It has been suggested that motor variability reflects the execution of a motor plan, rather than the creation of a motor plan, and would, therefore, originate from ‘noisy’ peripheral components, rather than central components of the motor system (Gouelle et al. 2013, 2016). This is in line with our results, showing no associations between step variability and structural brain differences in GM regions, or WM pathways, associated with motor planning (e.g., frontal regions, motor regions, and SMA). Possibly, peripheral sources contributed to age-related step variability in our sample such as noisy peripheral efferent and afferent pathways (Muller et al. 1994; McFadyen et al. 2001) or decreased corporeal awareness due to rapidly changing anthropometrics (Froehle et al. 2013). It is noteworthy, however, that structural brain maturation does not per se occur simultaneously with functional brain maturation (Supekar et al. 2010). For example, maturation of structural connectivity might be completed, while cortical activations and functional connectivity are still immature (Supekar et al. 2010; Cignetti et al. 2017). Therefore, inferences on functional associations between brain regions and precision stepping performance, based on our results should be made with caution.

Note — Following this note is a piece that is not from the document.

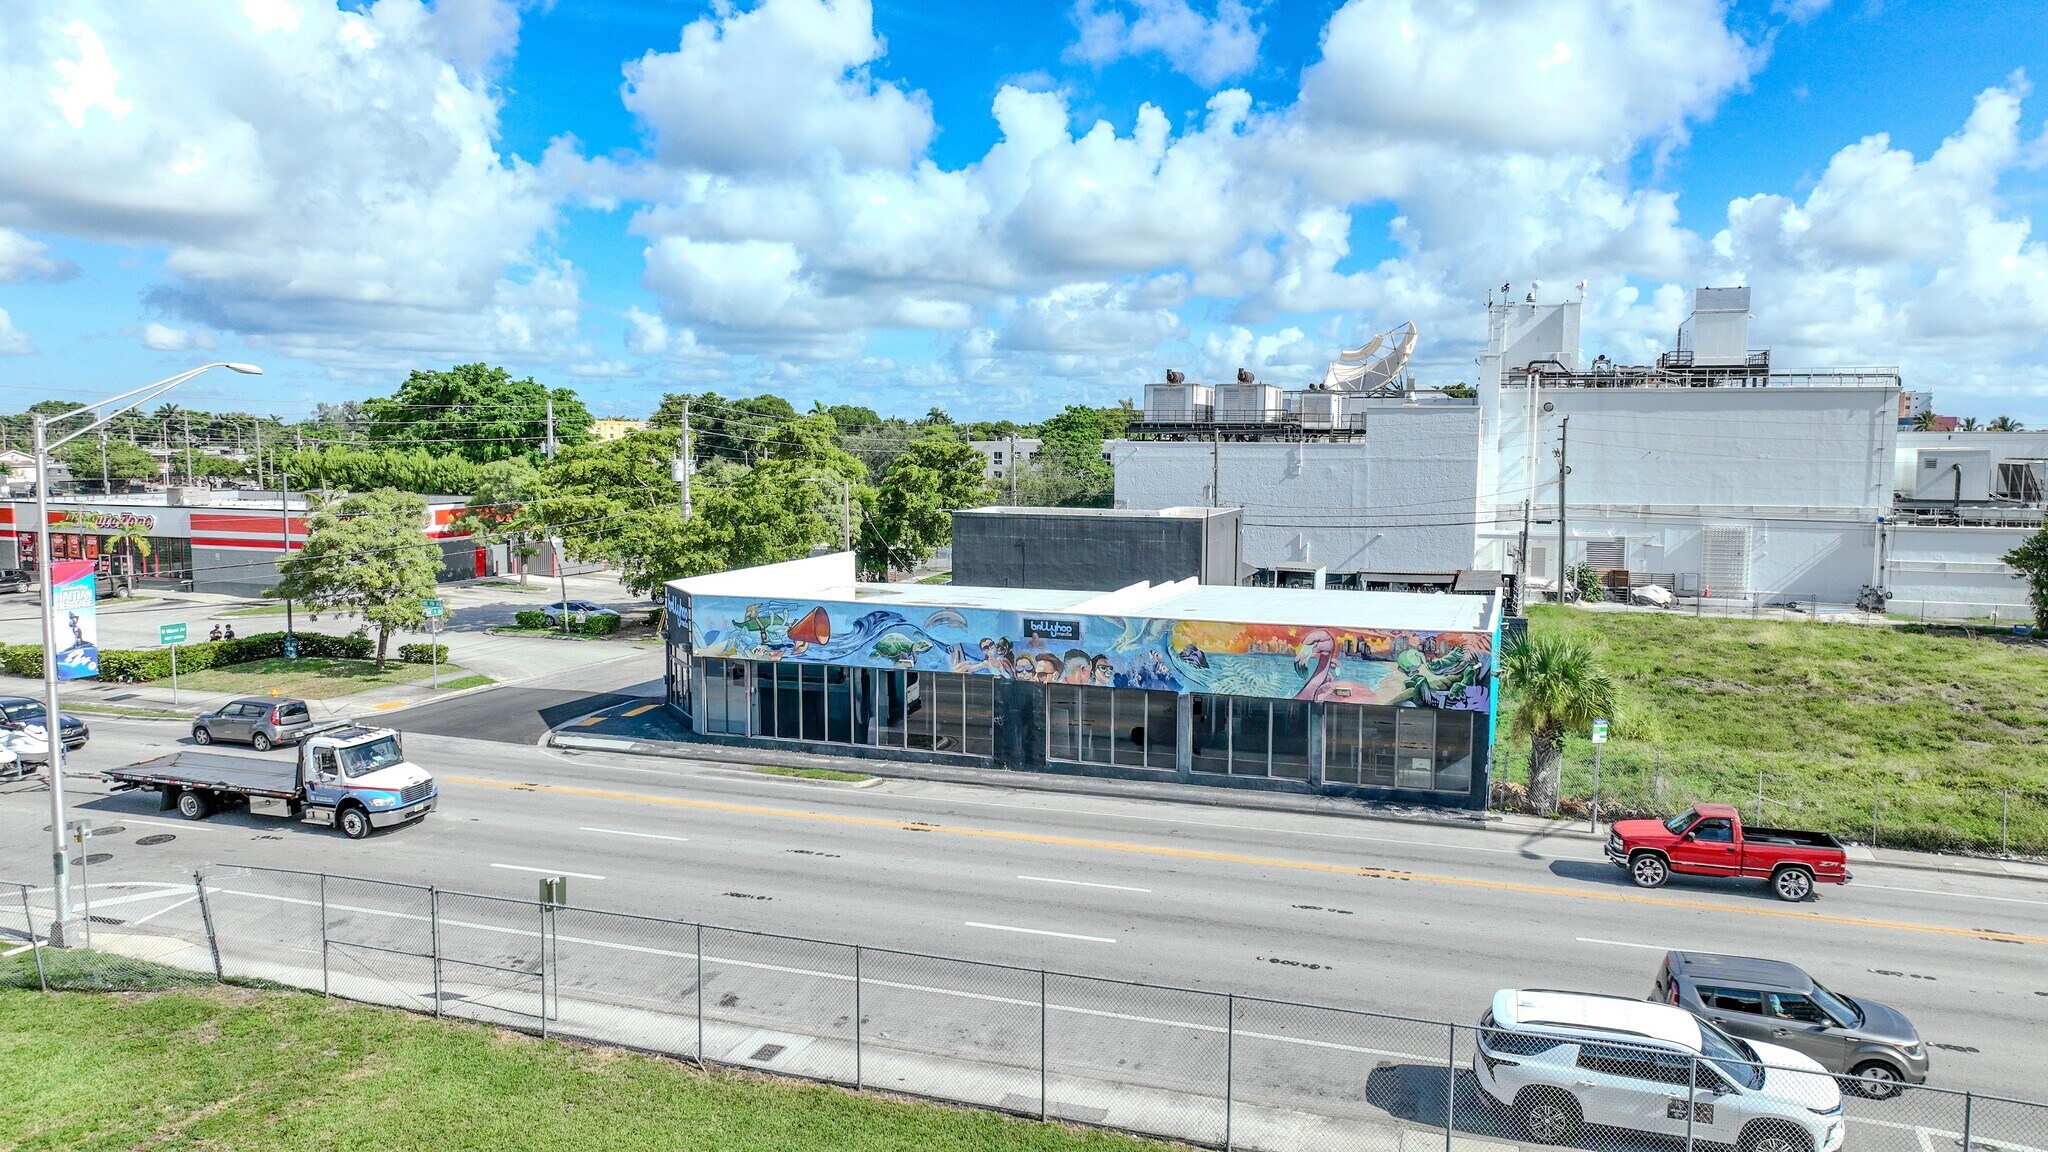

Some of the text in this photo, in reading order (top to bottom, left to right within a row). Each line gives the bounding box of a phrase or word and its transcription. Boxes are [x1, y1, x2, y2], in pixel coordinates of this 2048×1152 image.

[56, 589, 92, 602] HAITIAN
[56, 599, 94, 611] HERITAGE
[1031, 620, 1072, 637] ballyhoo

Neurobehavioral associations with step error

Although we hypothesized that step error would decrease with age, our results showed an absence of age-related differences in step error during both unperturbed and perturbed precision stepping. These findings seemingly contrast to the previous studies on other tasks involving complex gait, showing that gait strategies improved from childhood into adolescence (Pryde et al. 1997; McFadyen et al. 2001; Berard and Vallis 2006; Corporaal et al. 2016). Specifically, when children planned and executed their own avoidance strategies, age-related differences in gait patterns and avoidance success rates emerged (e.g., changes in step length, width, and speed, and foot placements and toe clearances relative to the obstacle). An important difference between these studies and our current experiment is that time pressure was present in the current study but much less in these previous studies. Moreover, these studies allowed free choice of avoidance strategies, and thus free choice of foot placements, while we constrained foot placements to predefined locations instead. Therefore, participants were not required to define a new, anticipatory gait strategy per se, but rather had to initiate fast goal-directed movements, based on external visual cues (i.e., the step targets).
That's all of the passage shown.